As Director of the Los Angeles LGBT Center’s Leadership LAB, Fleisher’s carefully honed method of “deep canvassing” delivered the first empirically tested and proven method where a single conversation decreases prejudice in a long-lasting way. Developed after the shocking 2008 win for Prop 8, which made gay marriage illegal in the state of California, Fleischer was motivated to figure out why, in this seemingly open-minded state, people voted against gay and lesbian people who wanted to marry. To find out, he and the Leadership LAB organizers and volunteers went to the neighborhoods where they had lost the worst; 15,000 one-on-one conversations later, they had learned several universally actionable pieces of information. The first: “people want to reflect on an issue, even if they’ve already made up their mind about it,” he says.
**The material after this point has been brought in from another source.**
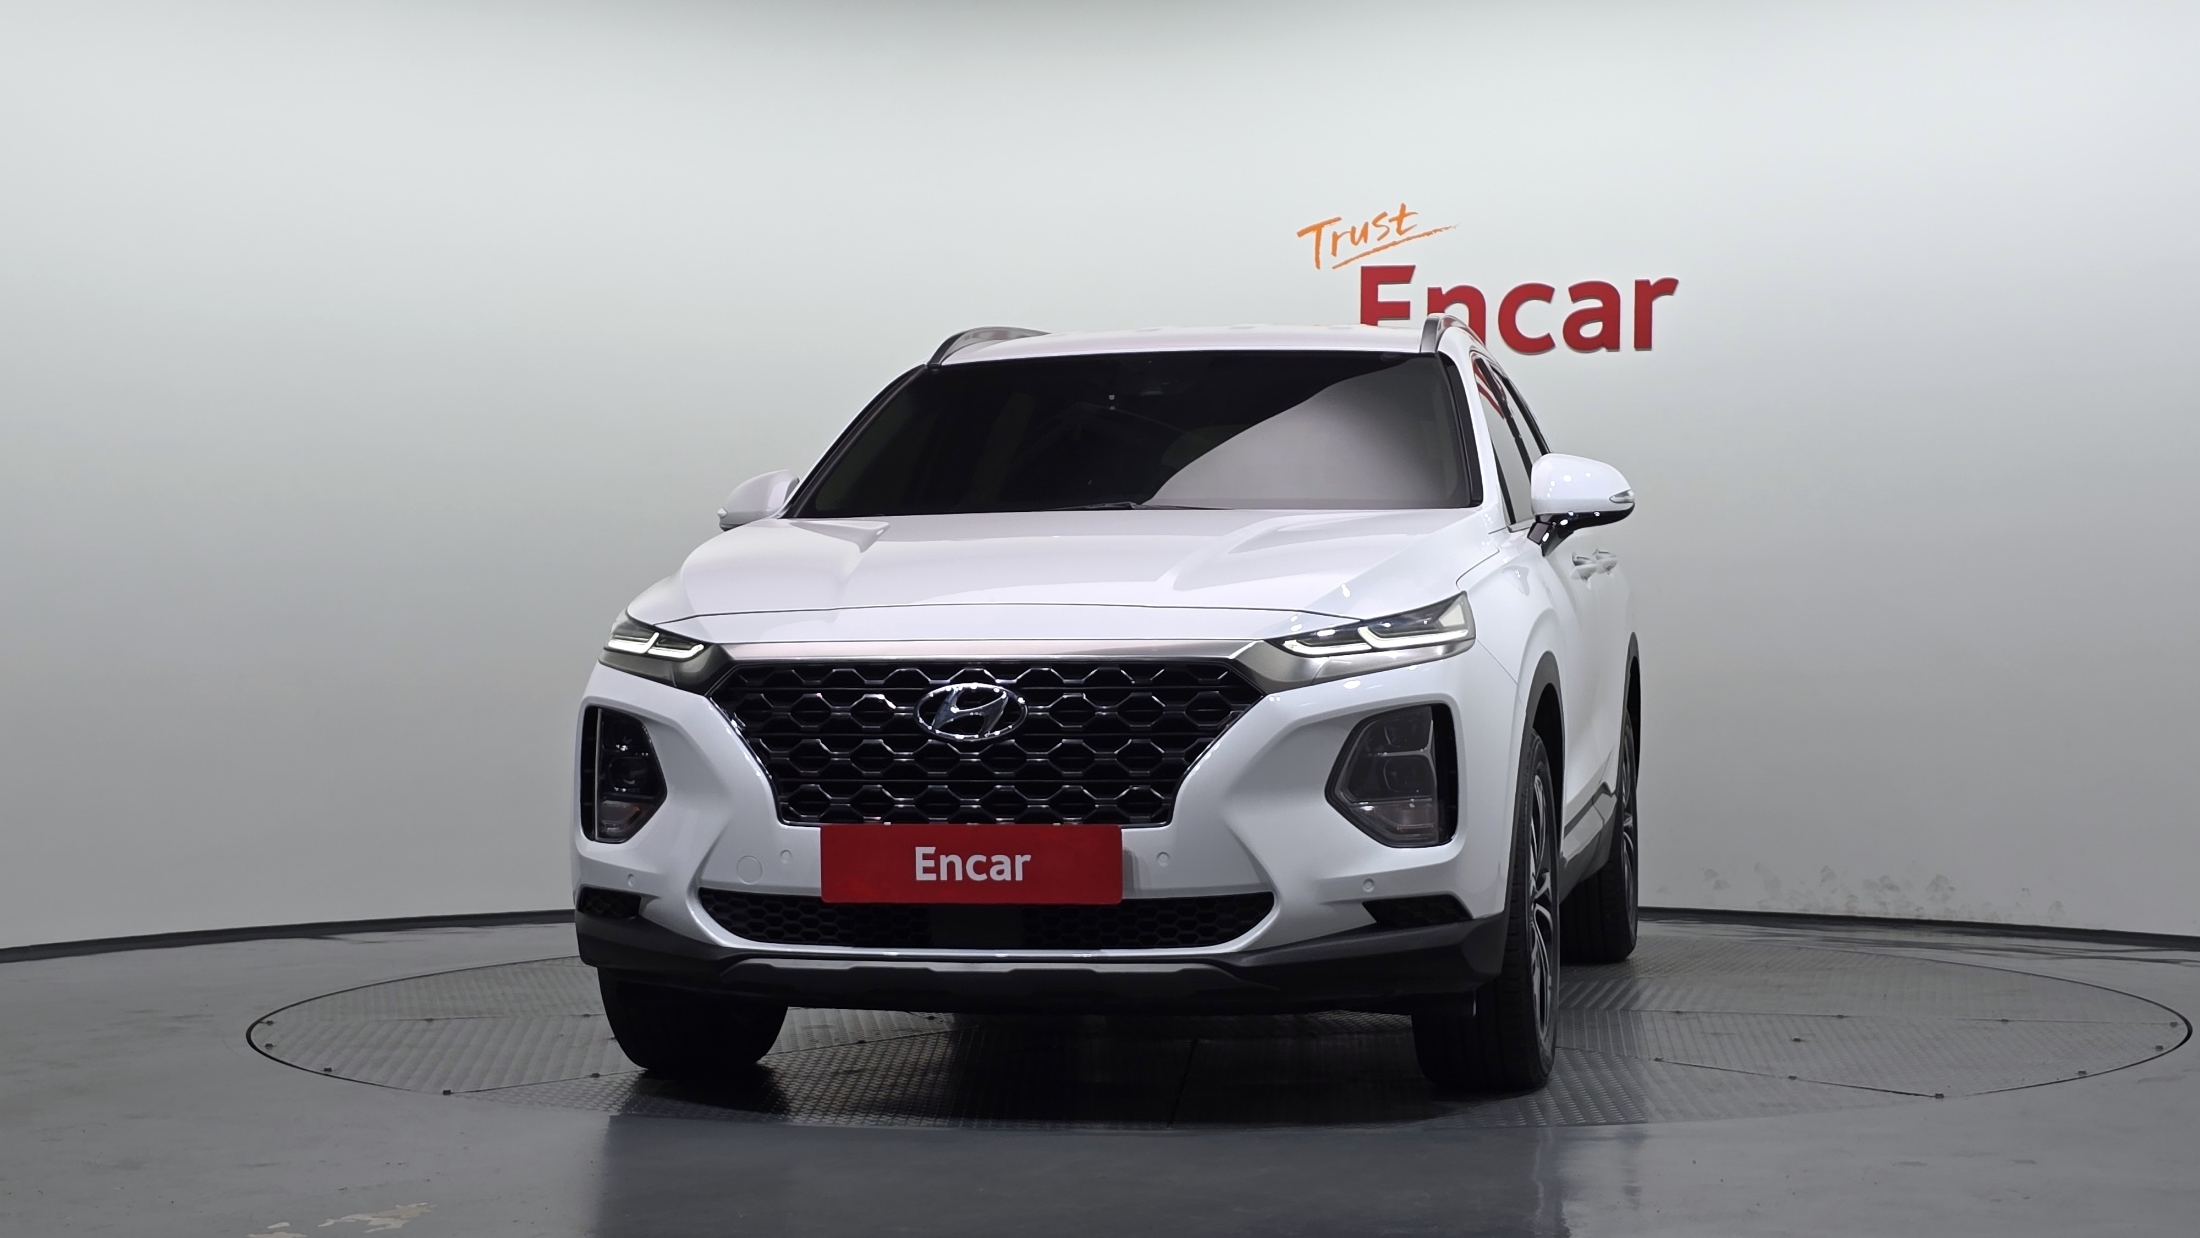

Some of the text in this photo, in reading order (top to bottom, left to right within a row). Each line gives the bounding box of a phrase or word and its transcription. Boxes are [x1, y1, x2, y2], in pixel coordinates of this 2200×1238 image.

In his powerful and heartfelt talks, Fleischer discusses more than how deep canvassing, as reported on in a landmark Science study, has empirically reduced prejudice in 1 out of every 10 people who participate. He will show you how you can take the principles of his work with Leadership LAB into your business, organization, association, and classroom—anywhere you feel that opinions, prejudices, or assumptions are at odds with each other, inhibiting growth, creativity, and productivity. The answer, says Fleischer, begins with much better listening. With his trademark warmth and clarity, he will guide you through his own tried-and-true methods, prototyped and hard-tested with the Leadership LAB, so that you can too can learn to change minds, one conversation at a time.
Prior to founding the LAB, Fleischer created and ran the premier political training programs in the LGBTQ+ community, first for the Gay and Lesbian Victory Fund and Foundation (now the LGBTQ Victory Fund, 1993-1998) and then for the National Gay and Lesbian Task Force (now the National LGBTQ Task Force, 1999-2006). He also authored “The Prop 8 Report,” a comprehensive evaluation of the pivotal 2008 campaign in California. He has done political organizing in a wide range of cities and states, including but not limited to LGBTQ communities and communities of faith, for 37 years. Fleischer received his B.A. from Rice University and his J.D. from Harvard Law School.